Its investigation platform has just revealed a secret palace of the Russian president valued at one billion euros.

Putin's response

The state, which has recently toughened anti-demonstration laws, is preparing its response to last night's challenge.

The Investigation Committee has opened criminal cases for attacks on security forces, vandalism and deliberate damage to property, notes the RIA Novosti agency.

New mobilizations are being prepared and

on February 2 a court hearing will decide whether Alexey Navalny has to serve a sentence from years ago in prison

.



The Russian opposition has always had a difficult time getting its message into the public debate in the country.

But Navalny's assassination attempt last year and his imprisonment have put the opponent at the center for the first time.

Well-known figures of culture and entertainment have called for justice for a man who until recently only had solid support in the big cities

.

In Vladivostok the demonstration was attended by Yuri Dud, author of one of the most popular Russian YouTube channels with 8.6 million subscribers.



The capital and small towns protested the same day.

"People took to the streets not only for the freedom of Navalny, but also because they see no other way to seek justice where there are no courts or elections," wrote the columnist of 'Novaya Gazeta' Kirill Martynov last night.

Following the trend of the last two years, there are more and more teenagers in the marches, increasingly spread on platforms such as

TikTok

.

Many young people attended who have not known any other reference to Russian state power than Vladimir Putin.

Alisa, 19, was yesterday in the front line of Pushkin Square with two friends: "We are not here because we want Navalny as president, but because we want a government that behaves in a fair and fair way with the opposition, the elections they were a fiction, "he explained to EL MUNDO as lines of riot police passed by him.

Along with her, Sabina, also 19, asked for a fairer country: "Now everything is shared between Putin and his people."

There were old men with traditional Russian hats, married couples, students with banners and residents of other cities with Russian flags.

"What a fucking night"

In some balconies,

flags of Belarus appeared

, where protests against the regime have taken place since the summer.

Shouts against the government and the police were repeated in cities large and small.

"What a shitty night," an agent complained as he blocked the passage of one of the subway exits.

Citizens of all ages recorded them with their mobile phones and sang songs against them in the subways of the square.

Respect for authority has dropped two notches this winter, at least in Moscow.



Although the political project of the dissent is not armed,

there is a common thread that runs from the countryside to the city

: the desire for the rule of law, security for all regardless of what is said or thought, and a brake once and for all to the corruption.



In Moscow alone there were more than 900 arrests.

The police were forced to cut off access to the city center and to the Kremlin as well.

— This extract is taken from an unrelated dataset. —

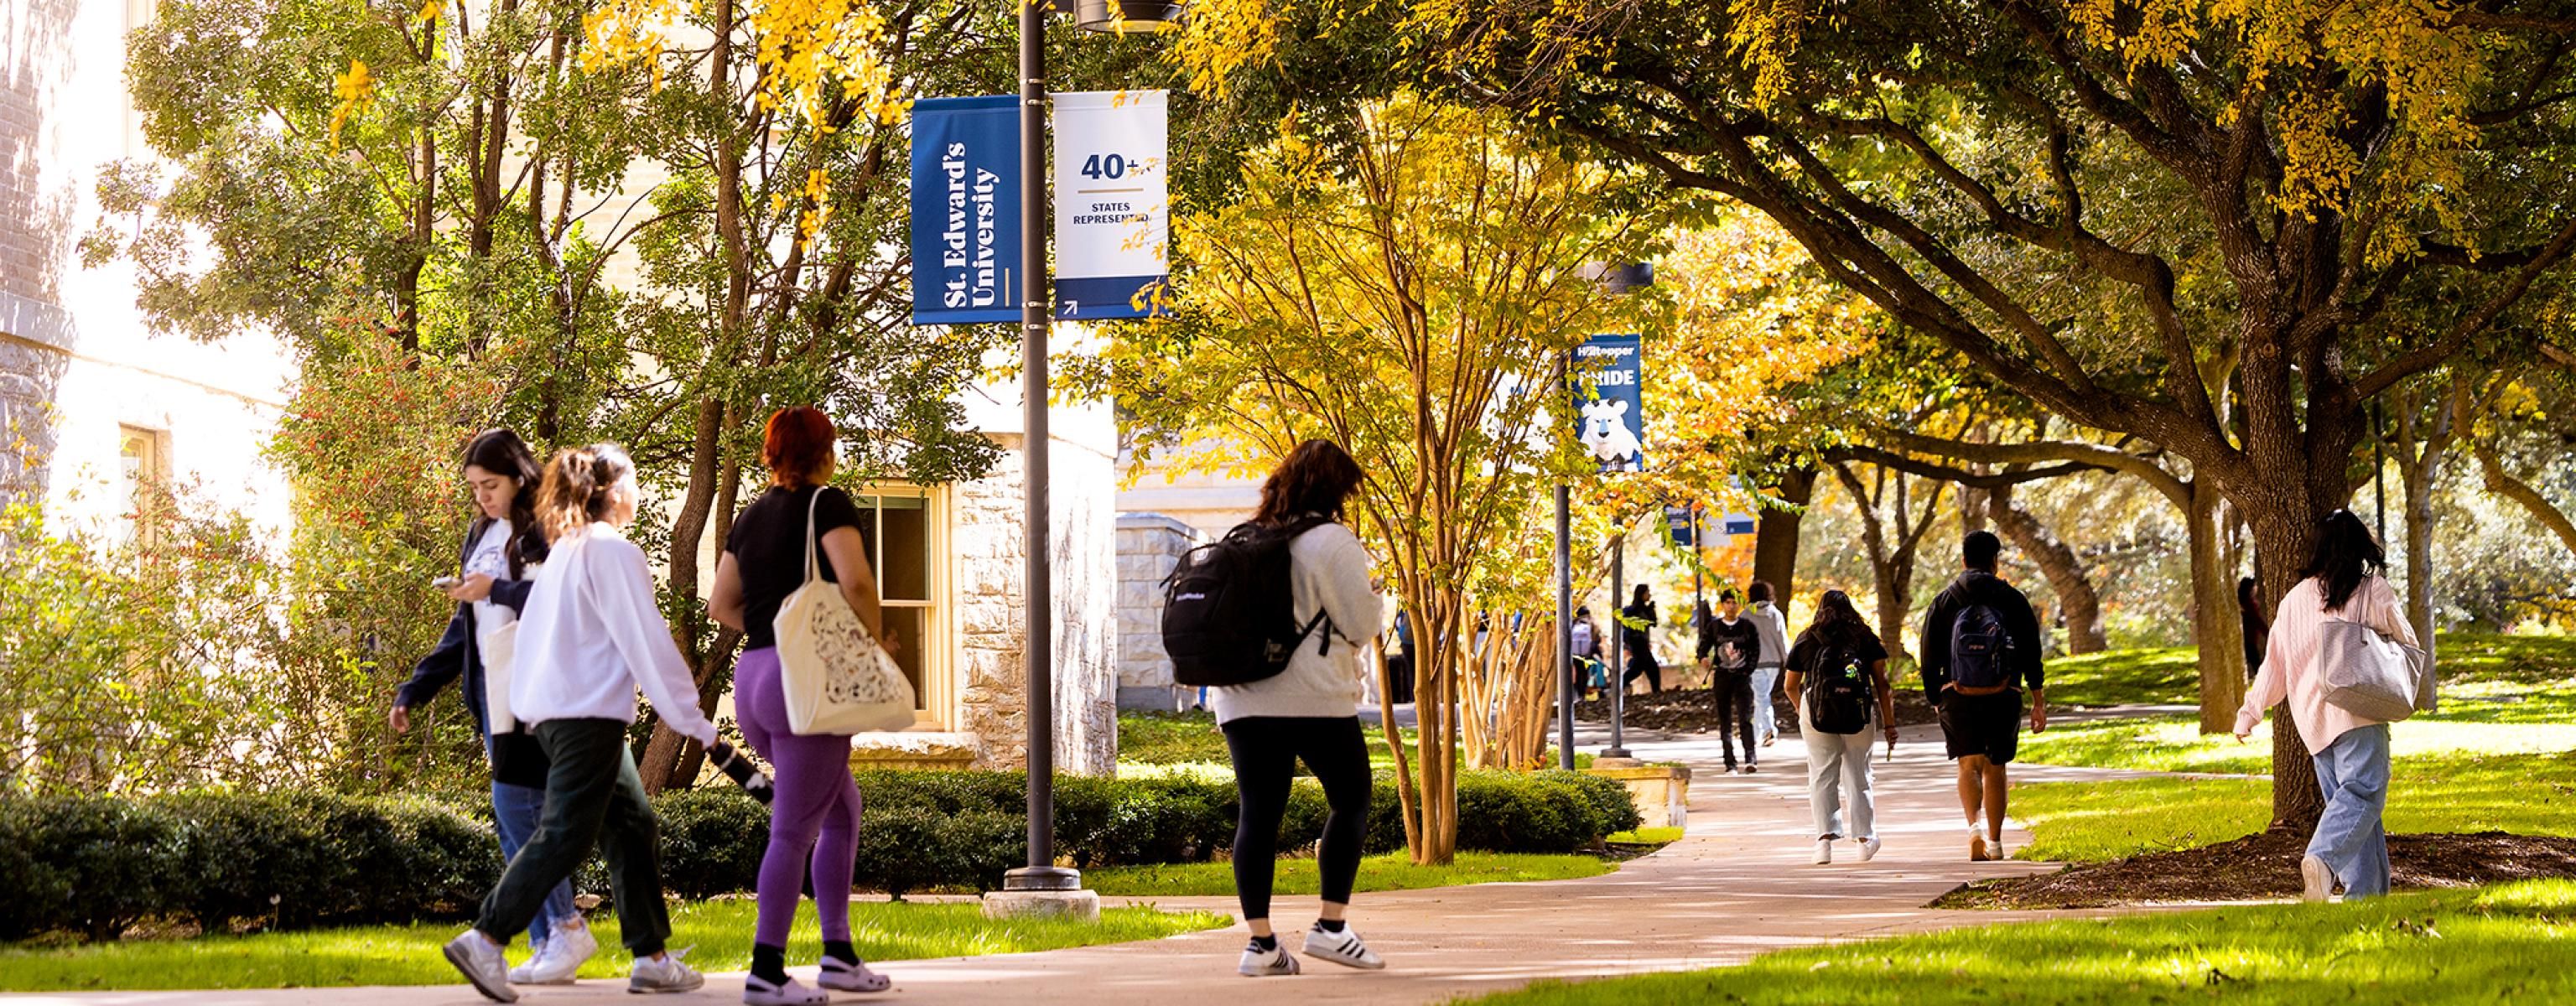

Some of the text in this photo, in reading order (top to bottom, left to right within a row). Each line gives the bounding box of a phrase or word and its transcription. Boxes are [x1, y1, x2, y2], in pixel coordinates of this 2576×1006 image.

Life in the center of the Russian capital was disrupted by the convocation of an extra-parliamentary opposition that according to the official media hardly represents anyone.

Around 7:00 pm, groups of protesters arrived at the Matroskaya Tishina Pretrial Detention Center, where Navalny is being held.

There, too, the arrests continued until late at night.



The government holds accountable not only citizens: other countries as well.

The Foreign Ministry demanded explanations from the US embassy in Moscow for the publication on its website of the itinerary of the opposition demonstrations, called despite the pandemic bans.

But all that information had been present on the Internet for days despite attempts to control it

.

Not only Facebook, VK and Twitter: TikTok is the new gunpowder that ignites the protest despite the official media.

A new generation is discovering the frustrations of their parents and older siblings.